Facebookページ
Twitter
Youtube

ニュース

第3戦迎え、成長著しい世界GPを夢見る各選手

 日本初上陸「FIM MiniGP」、そのジャパンシリーズ第3戦がモビリティリゾートもてぎ北コースショートコースで開催された。ロードレース世界選手権(WGP)へと繋がるシリーズはマシンもタイヤもワンメークで争われ、10歳から14歳までのライダーを対象に各国で開催されている。国内チャンピオンは、ワールドファイナルへの参戦権利を得て、その活躍次第でWGP参戦の可能性が広がる。




 第3戦にはスポット参戦を含む16名がエントリー。各10分の予選が行われ、レース1予選はレコードを更新して43秒995を記録した⑮松山遥希(12)がポールポジションを獲得、2番手に②池上聖竜(13)⑧知識隼和(10)でフロントローに並んだ。決勝スタートから⑮松山、⑨中谷健心(14)、⑧知識、②池上が2周目にはトップに躍り出て集団を引っ張る。

 このトップ集団に追いついたのは④国立和玖と➆斎藤太陽(13)。⑨中谷が前に出るが、10周目には②池上が首位を奪い後続を突き放しにかかる。②池上、⑨中谷、⑮松山、⑧知識、④国立、➆斎藤のオーダーで最終ラップに突入、最後の勝負所である第2ヘアピンで⑮松山は勝負を賭けるが、インを閉めた②池上をパスすることはできずに転倒、⑨中谷、⑧知識も巻き込まれて転倒してしまう。②池上が念願の優勝を飾り、2位に④国立、3位は➆斎藤となった。

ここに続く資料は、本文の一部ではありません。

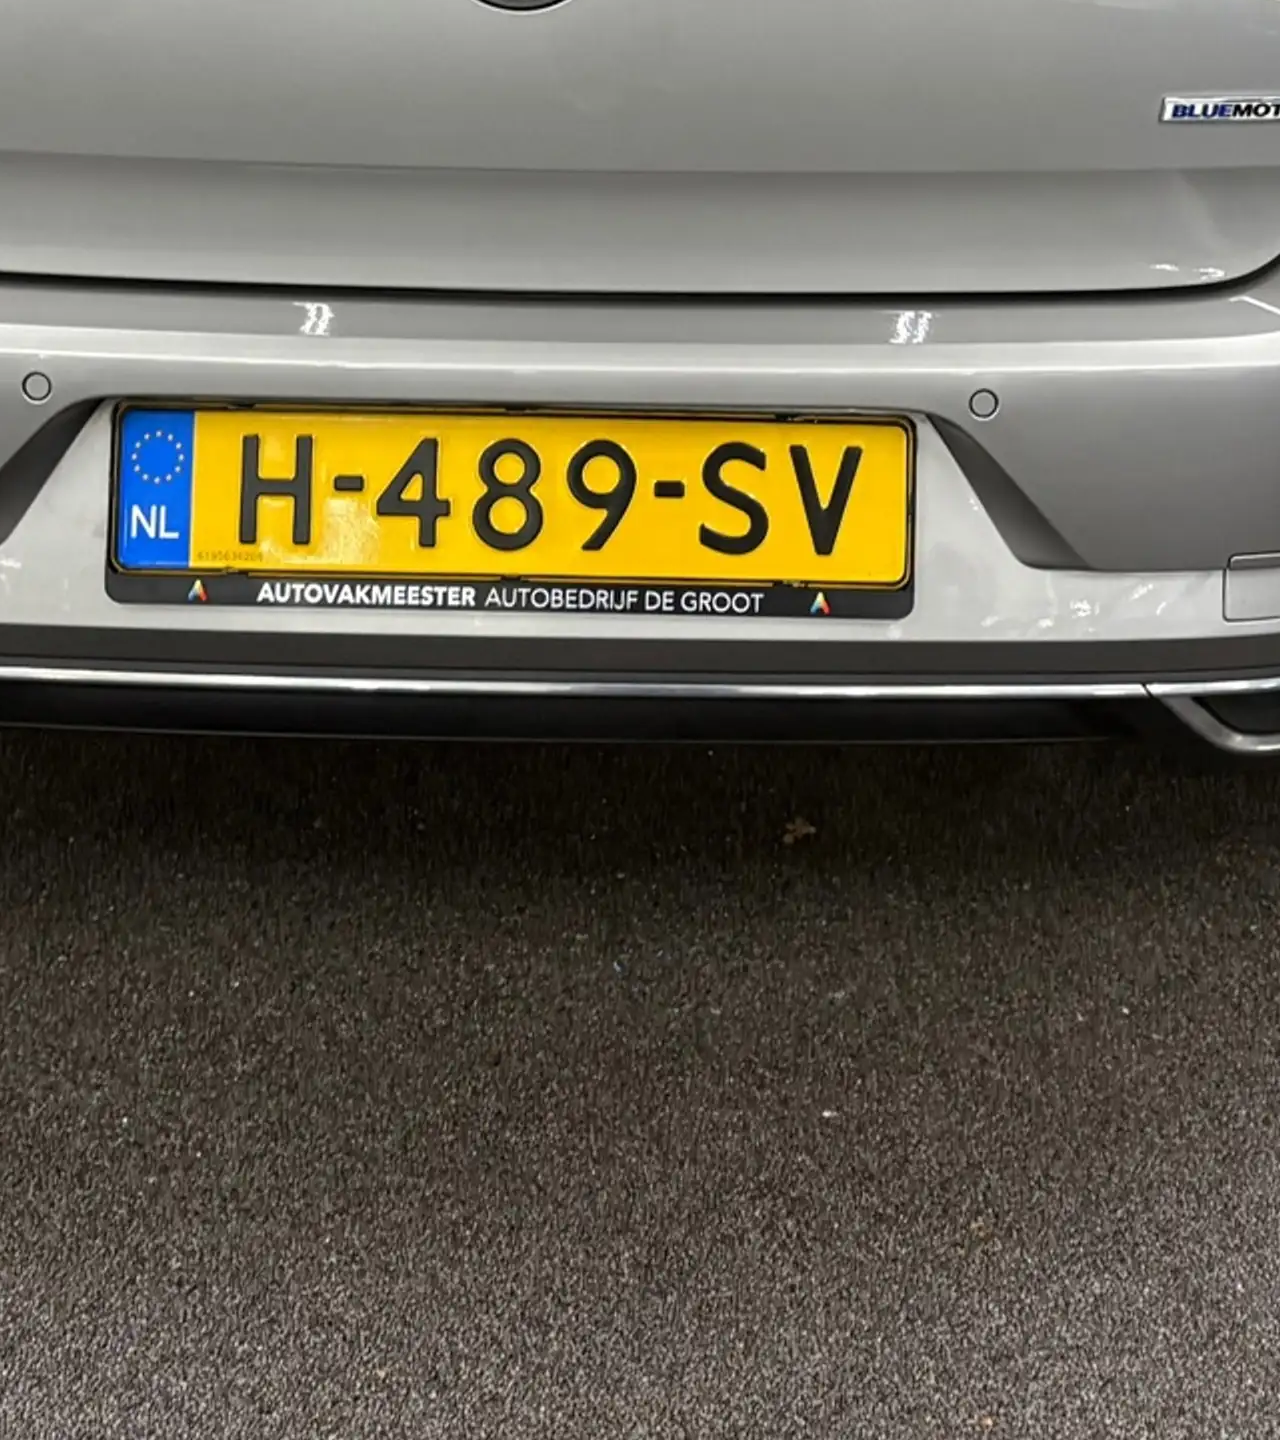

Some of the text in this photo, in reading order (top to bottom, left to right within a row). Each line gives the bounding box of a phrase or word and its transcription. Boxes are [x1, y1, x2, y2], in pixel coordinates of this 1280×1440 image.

 レース2のコースイン直前に明るい空から大粒の雨が落ち、スタートディレイ、全車レインタイヤに交換。4周減算の8周となるが、今度は雨が止み、真夏を思わせる高温だったこともあり、急激に路面が乾き、急遽スリックタイヤに交換。ウォークアップを1周増やして2周に増やされた。レース2PPも⑮松山、2番手②池上、3番手に④国立が綺麗にスタートを切る。

 ホールショットは④国立、だが、すぐに②池上がトップを奪う。3周目には⑧知識が転倒しリタイヤとなる。②池上はファーステストラップを叩き出して逃げ始める。2番手争いは④国立、⑨中谷、➆斎藤、そこに⑮松山、松山は終盤に前の2台を交わして2番手浮上する。②池上は独走してダブルウィンを飾った。2番手争いを⑮松山が制して、3番手に④国立が入った。4位に⑨中谷、5位に➆斎藤となった。

 表彰式に号泣する松山が遅れて表彰式に現れ、表彰式が始まった。タオルで何度も顔を拭く松山、表彰台の真ん中で「笑って」と促されて松山がようやく笑顔を見せた。ひょうひょうとする国立。国立は第2戦両レースを転倒で終えており、やっと、辿り着いた表彰台に安堵していた。「支えてくれたスタッフ、そしてお父さんに感謝」と語り、温かな拍手を浴びた。



 池上は、ダントツのチャンピオン候補で、注目の的としてシリーズをスタート。だが、この2戦、勝てなかった。速さも強さもありながら、新シリーズに苦戦していた。周りの期待を背負い、焦りも見えるライディングで、本来の力を出せずにいた。松山は、ここまで4連勝。「連勝は嬉しいけど、勝ち続けなければならないのは、ちょっとプレッシャーがある」と語っていた。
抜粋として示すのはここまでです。